Patient 4 was lost to follow-up after three months of taking the medication, so there was no information available about his subsequent treatment status. However, Patient 4’s SALT score showed significant improvement after three months of medication compared to the baseline period. (16–18). Improvement in both atopic dermatitis and AA has been reported in patients with concurrent atopic dermatitis and AA using Upadacitinib.21,23,24 Patient 1, who had atopic dermatitis combined with AA, had both conditions controlled with Upadacitinib. It may be possible to provide limited clinical evidence supporting the dual role of Upadacitinib in controlling atopic dermatitis and AA. Patient 1 was found to have viral hepatitis B. Although there have been reported side effects related to the reactivation of the hepatitis B virus with Upadacitinib,11 patient 1 had his hepatitis B DNA monitored before and after treatment, and no abnormalities were detected. He was also asked to follow up with the hepatologist’s clinic to monitor his hepatitis B condition while taking Upadacitinib. All five patients underwent blood count, liver and kidney function, infection marker, tuberculosis infection, and tumor history or tumor marker examinations before starting Upadacitinib. Upadacitinib was administered only after excluding contraindications, and no significant abnormalities were found in the safety indexes of blood routine as well as liver and kidney function after three months of administration.

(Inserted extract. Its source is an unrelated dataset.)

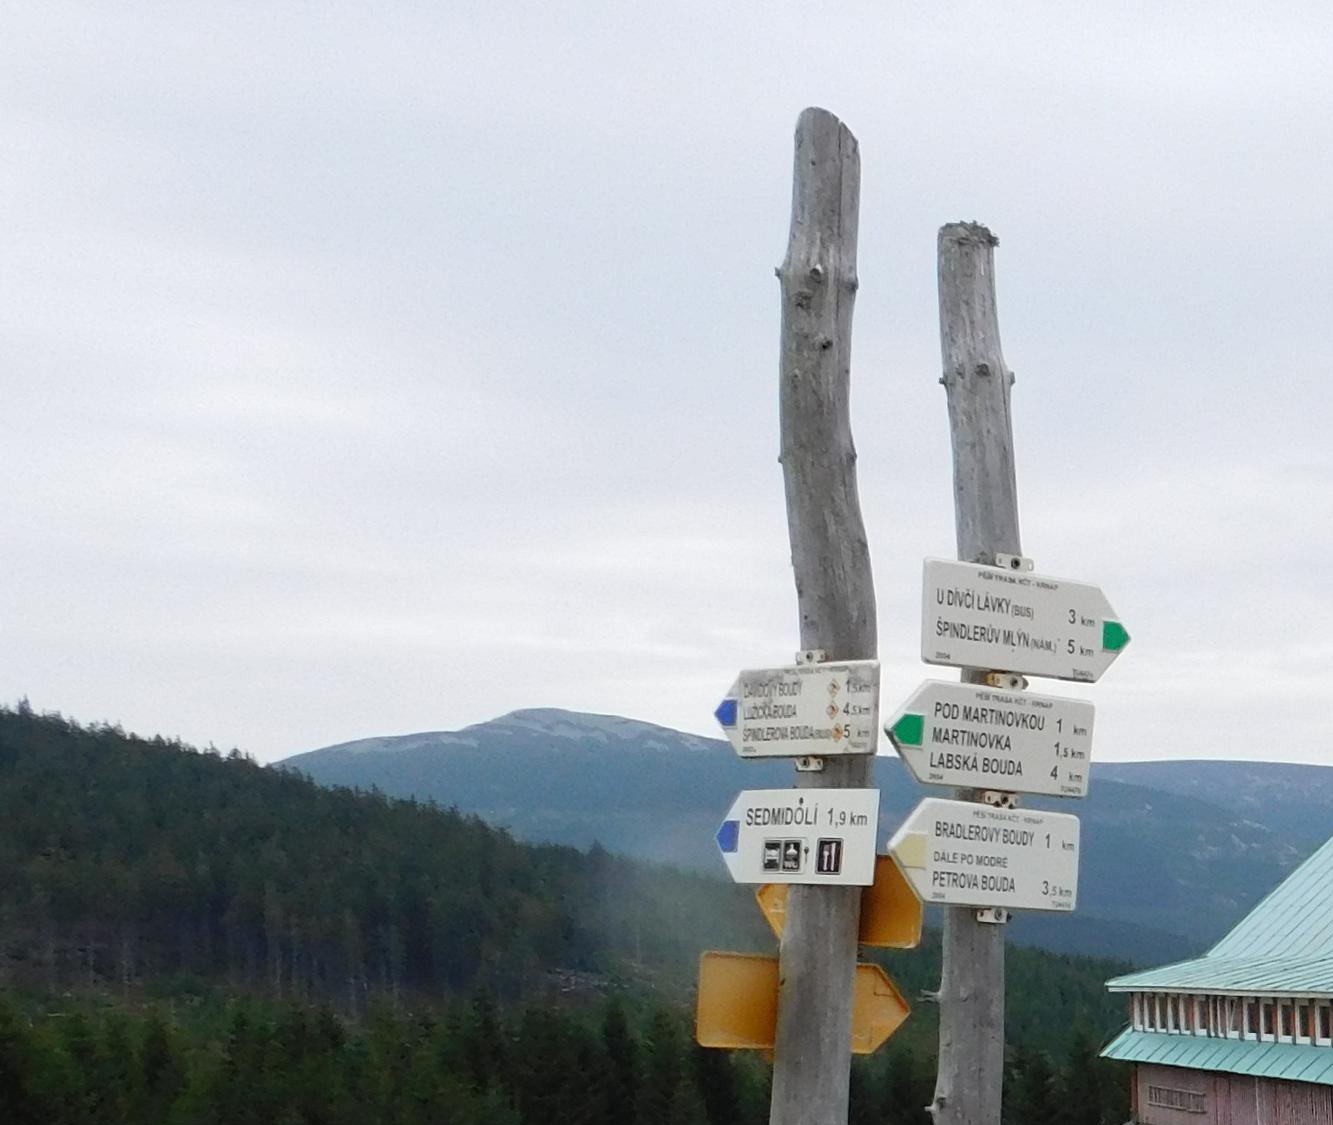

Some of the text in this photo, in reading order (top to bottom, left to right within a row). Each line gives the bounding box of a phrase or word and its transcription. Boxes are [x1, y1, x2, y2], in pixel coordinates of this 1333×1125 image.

In conclusion, we have found that satisfactory results can be achieved quickly in the treatment of AA with Upadacitinib, particularly in patients who have not responded to conventional therapy. However, the use of Upadacitinib for the treatment of AA is still considered off-label, and its administration must be closely monitored for potential adverse reactions, including infection, tuberculosis, and tumors. Secondly, further investigation is needed to assess the effectiveness of Upadacitinib treatment for AA, determine how to reduce the dosage once the treatment is effective, and establish the timing for discontinuation of the drug in order to reveal the results.

Conclusion

Although Upadacitinib is not currently approved for the treatment of AA, our current study based on five clinical cases shows that Upadacitinib has demonstrated efficacy in improving the condition of AA. However, it is worth noting that the effectiveness and safety of Upadacitinib have yet to be demonstrated in larger, rigorous, multicenter, randomized controlled trials. The current use of this drug for treating AA raises concerns about off-label use and high costs.

Data Sharing Statement

The data that support the findings of this study are available from the corresponding author upon reasonable request.

Consent Statement

All patients in this study signed an informed consent form and agreed to the use of Upadacitinib before receiving the drug. Additionally, they all consented to provide their case information and photographic images for the study. The publication of case and image information does not require institutional approval.

Author Contributions

All authors made a significant contribution to the work reported, whether that is in the conception, study design, execution, acquisition of data, analysis and interpretation, or in all these areas; took part in drafting, revising or critically reviewing the article; gave final approval of the version to be published; have agreed on the journal to which the article has been submitted; and agree to be accountable for all aspects of the work.

Funding

This study was funded by the State Administration of Traditional Chinese Medicine through the Second National Famous Traditional Chinese Medicine Doctor’s (TCM) Workshop Development Project (Grant No. GuoZhongYiYaoRenJiaoFa [2022] No. 5).

Disclosure

All authors have no conflicts of interest in this work.